Ford Europe chairman Steven Armstrong has told MPs again that leaving the EU is “not the reason” that the Ford Bridgend Engine Plant is closing. Armstrong reiterated that a downturn in demand for the engines built at the factory has made the plant unsustainable.
However, Armstrong did say that Ford has been very vocal about the implications of a hard Brexit for the automotive industry going so far as to call Brexit a “catastrophe for our industry.” Armstrong also said that the decision to close the Ford Bridgend Engine Plant was delegated from company bosses in Detroit and made by the British board on June 5th.
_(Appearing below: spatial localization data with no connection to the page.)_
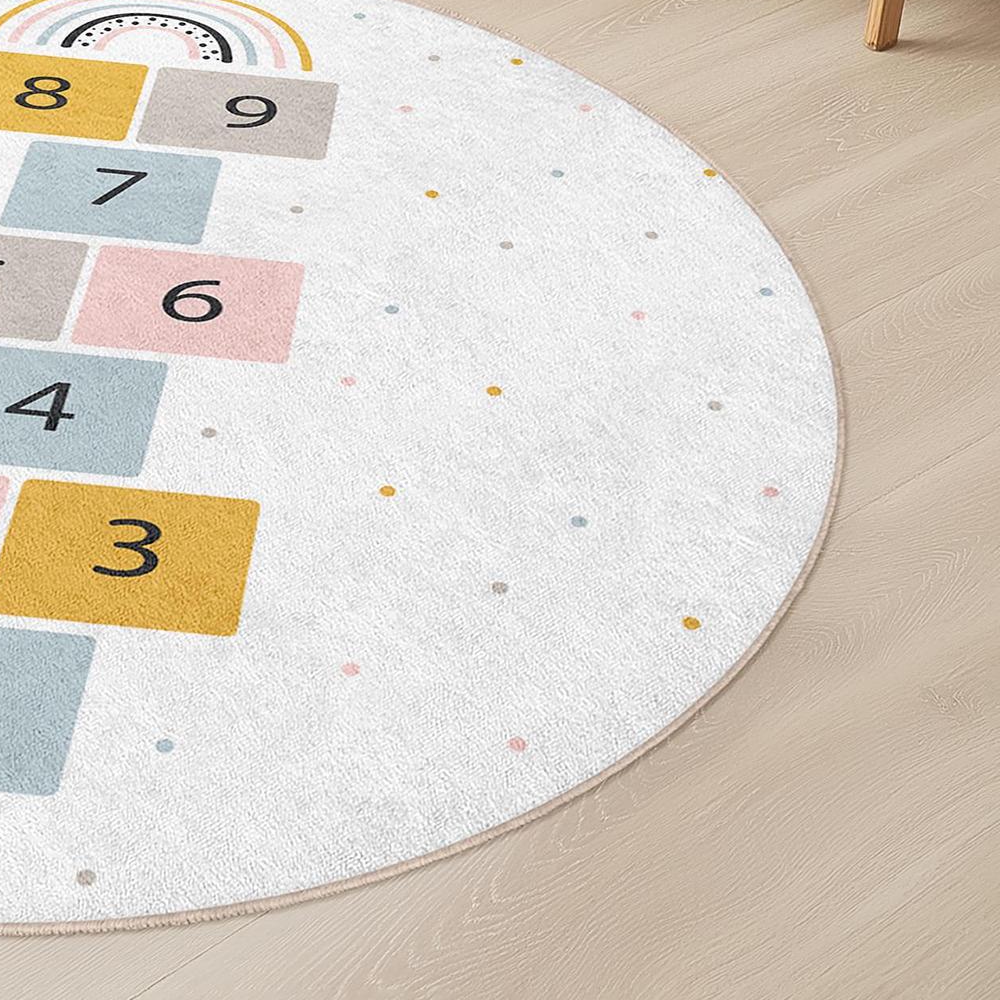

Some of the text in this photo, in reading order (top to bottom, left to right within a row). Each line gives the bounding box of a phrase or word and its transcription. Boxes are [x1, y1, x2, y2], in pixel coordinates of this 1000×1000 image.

[14, 76, 71, 110] 8
[225, 95, 278, 129] 9
[91, 167, 148, 206] 7
[161, 279, 223, 323] 6
[4, 381, 75, 432] 4
[92, 518, 162, 578] 3
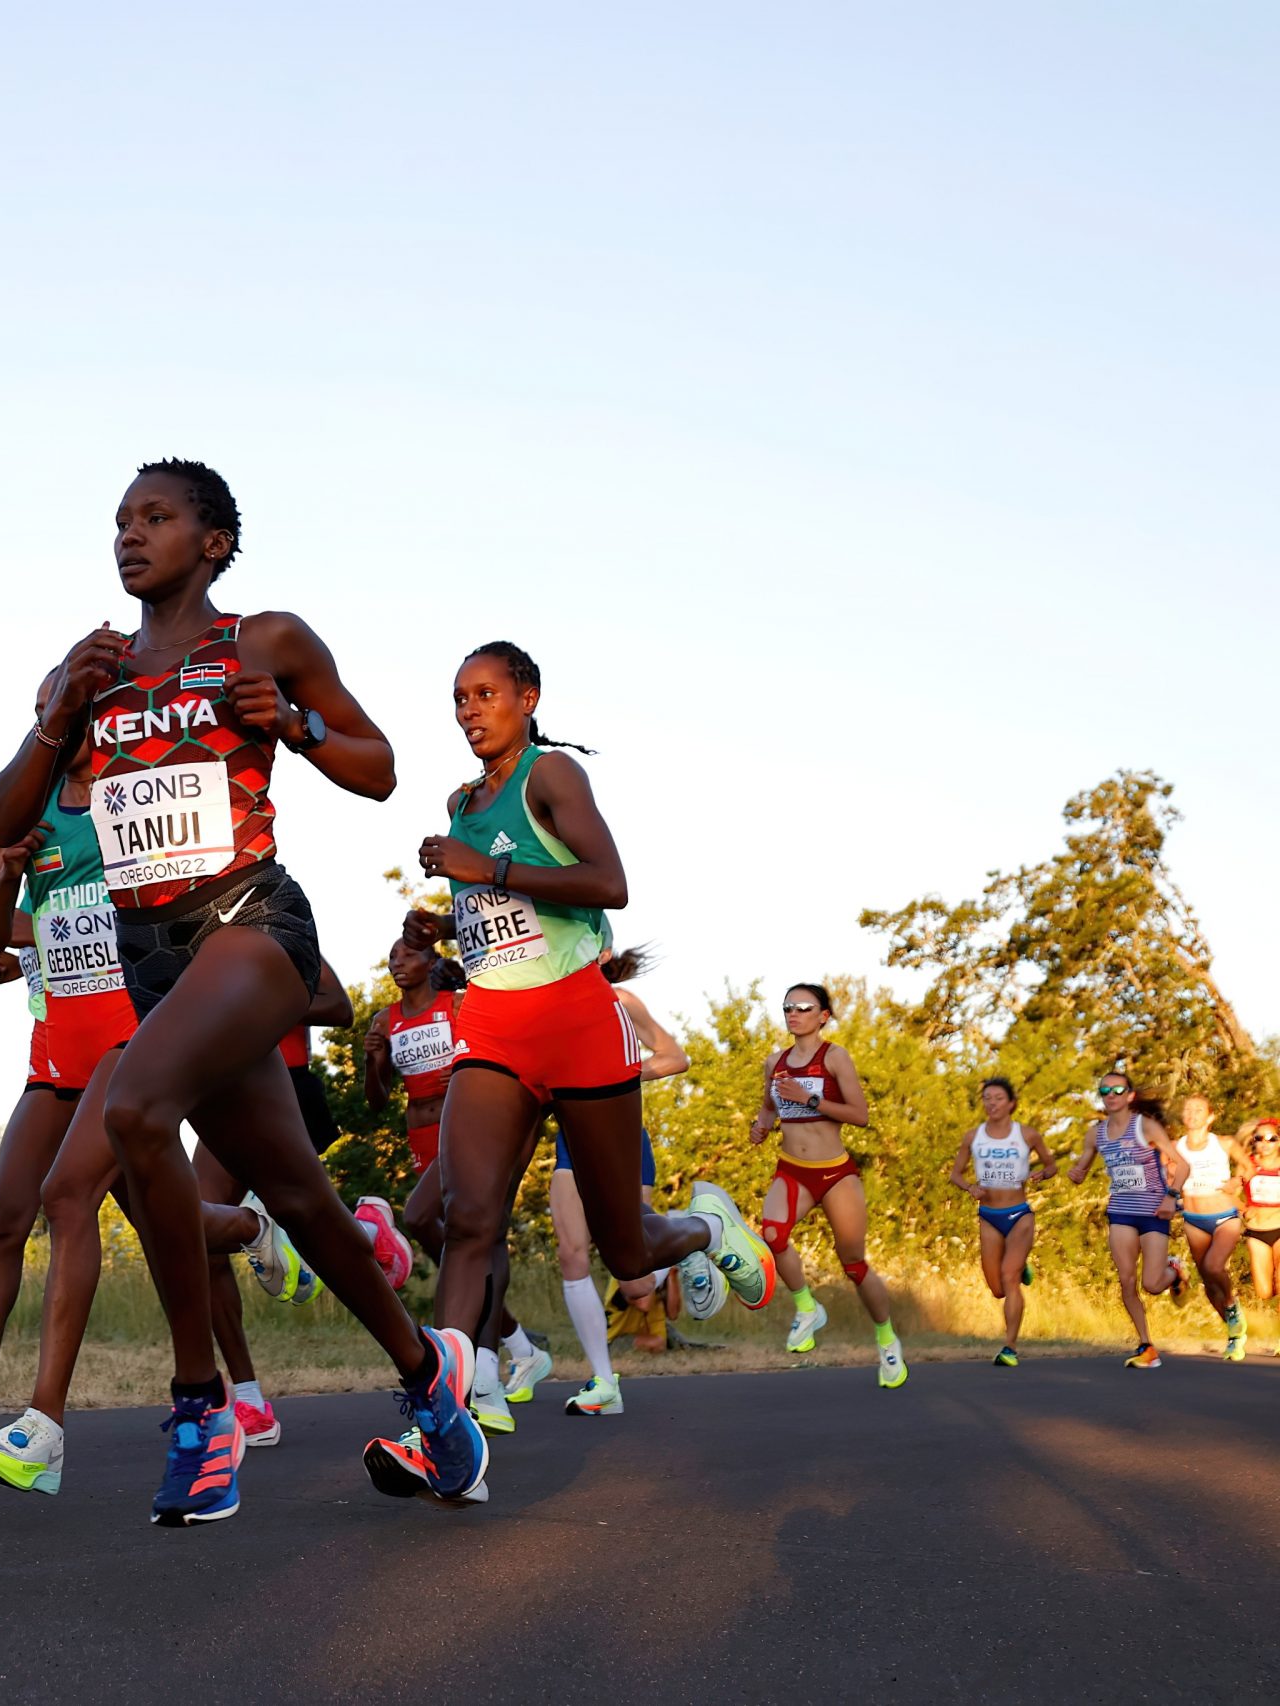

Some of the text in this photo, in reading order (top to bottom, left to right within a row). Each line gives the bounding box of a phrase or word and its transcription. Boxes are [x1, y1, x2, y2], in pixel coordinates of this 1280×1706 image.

[94, 698, 218, 747] KENYA
[132, 773, 202, 805] QNB
[113, 811, 201, 856] TANUI
[489, 842, 518, 857] adidas
[120, 858, 207, 886] OREGON22
[465, 887, 511, 915] QNB
[465, 946, 528, 976] OREGON22
[411, 1026, 440, 1042] QNB
[395, 1040, 451, 1065] GESABWA
[978, 1147, 1020, 1159] USA
[983, 1170, 1016, 1181] BATES
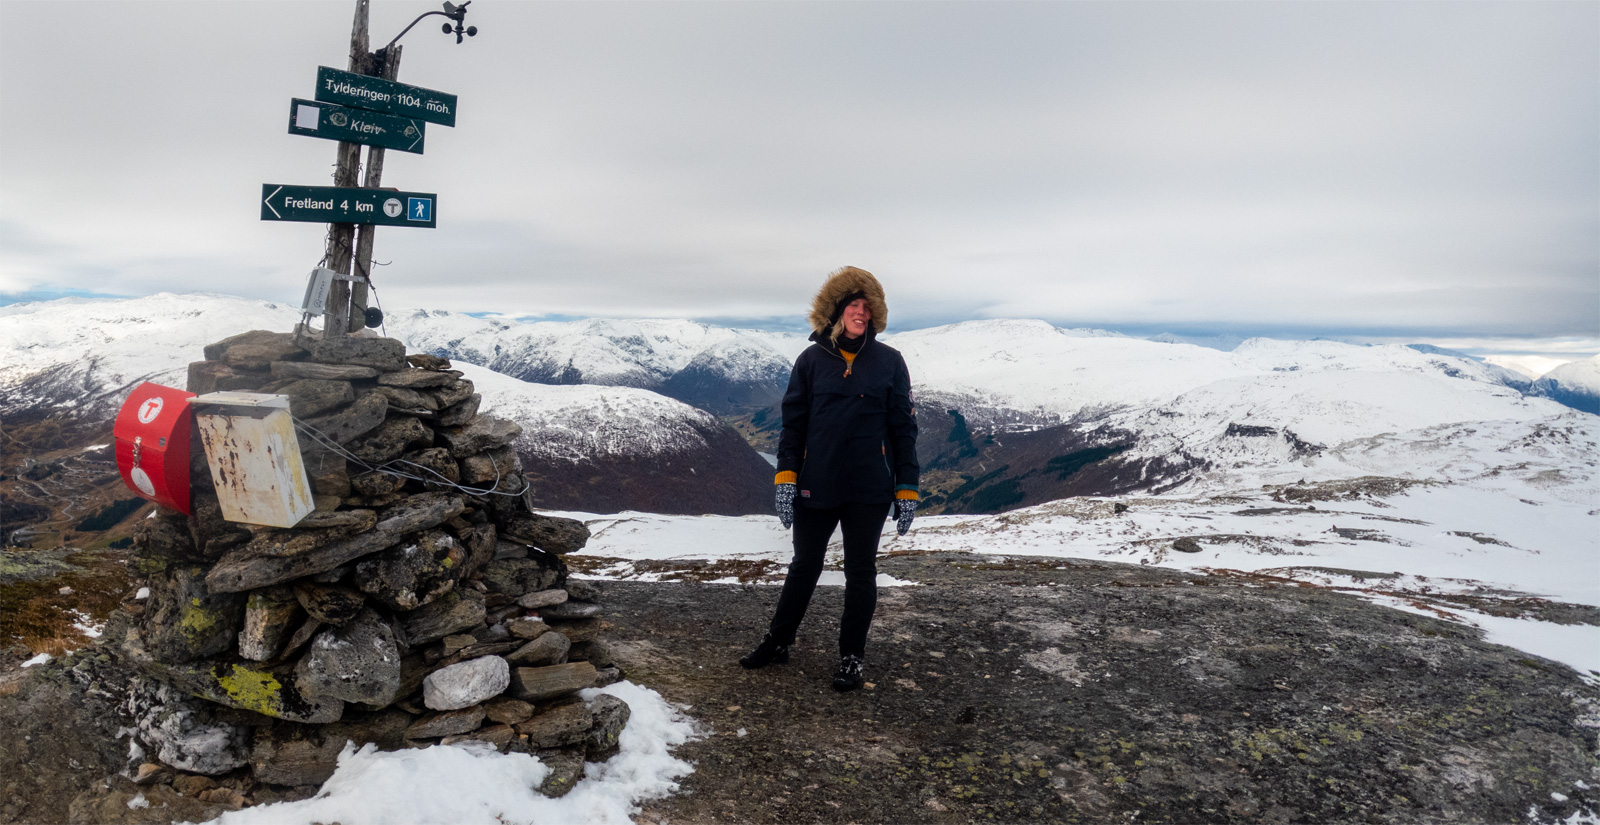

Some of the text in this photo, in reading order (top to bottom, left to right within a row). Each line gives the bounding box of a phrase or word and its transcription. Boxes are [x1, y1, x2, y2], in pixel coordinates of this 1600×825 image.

[326, 79, 451, 115] Tylderingen 1104 moh.
[350, 120, 382, 135] Kleiv
[285, 197, 334, 210] Fretland
[340, 200, 349, 210] 4
[356, 200, 374, 212] km
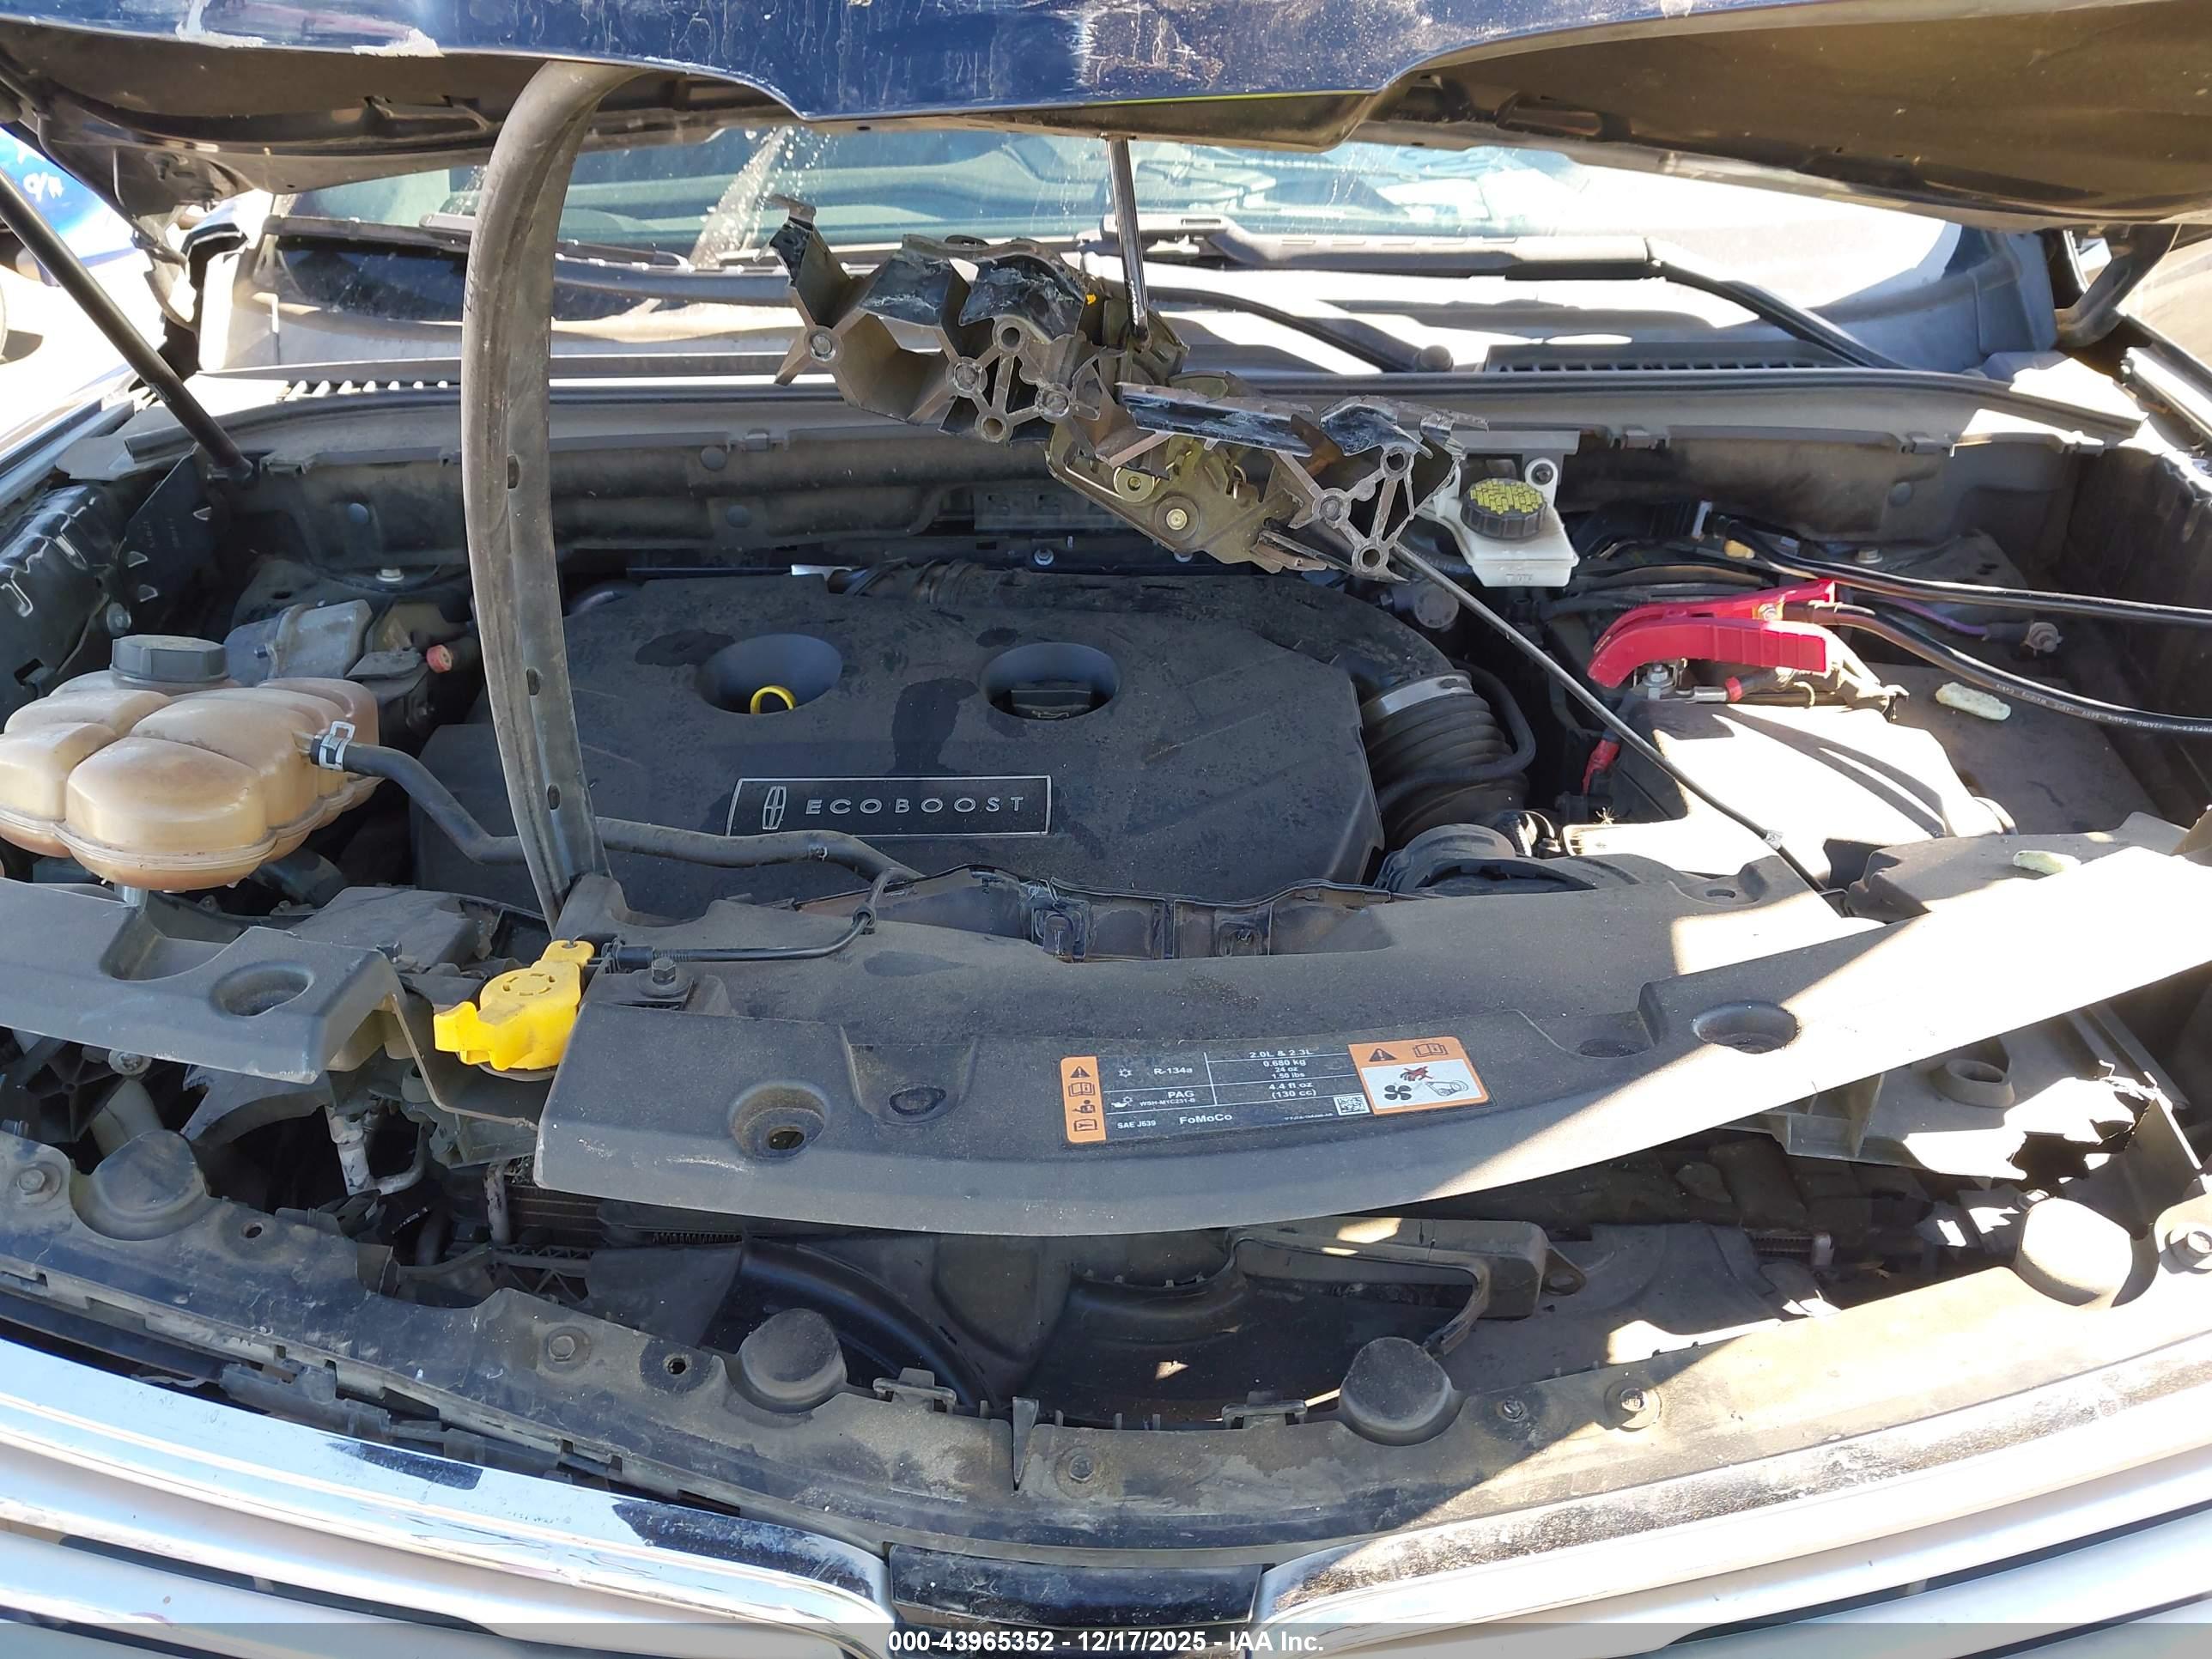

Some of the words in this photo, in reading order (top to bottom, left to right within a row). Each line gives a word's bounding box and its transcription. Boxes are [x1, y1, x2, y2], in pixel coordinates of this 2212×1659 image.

[805, 796, 1024, 815] ECOBOOST
[1292, 1059, 1307, 1067] kg
[1153, 1066, 1193, 1075] R-134a
[1168, 1090, 1195, 1099] PAG
[1272, 1091, 1296, 1099] (130
[1179, 1113, 1233, 1125] FoMoCo
When asked about the security of other plants in the UK Armstrong said that under a hard Brexit scenario Ford would face tariffs and friction at the borders that would place Ford’s business under a significant burden and cost in the area of a $1 billion per year. Under such a scenario, Ford Europe would have to rethink “what our footprint would be.” The statement indicated under a hard Brexit scenario Ford would consider closing more factories in the UK.
Perhaps the more significant threat to some of the Ford Europe operations in the UK is one of electrification. Armstrong says that electrification is the way forward for the industry and how fast electrification comes has consequences “as we try to disposition the historic assets.” The Ford Bridgend Engine Plant is the first historic asset impacted by the move towards electrification.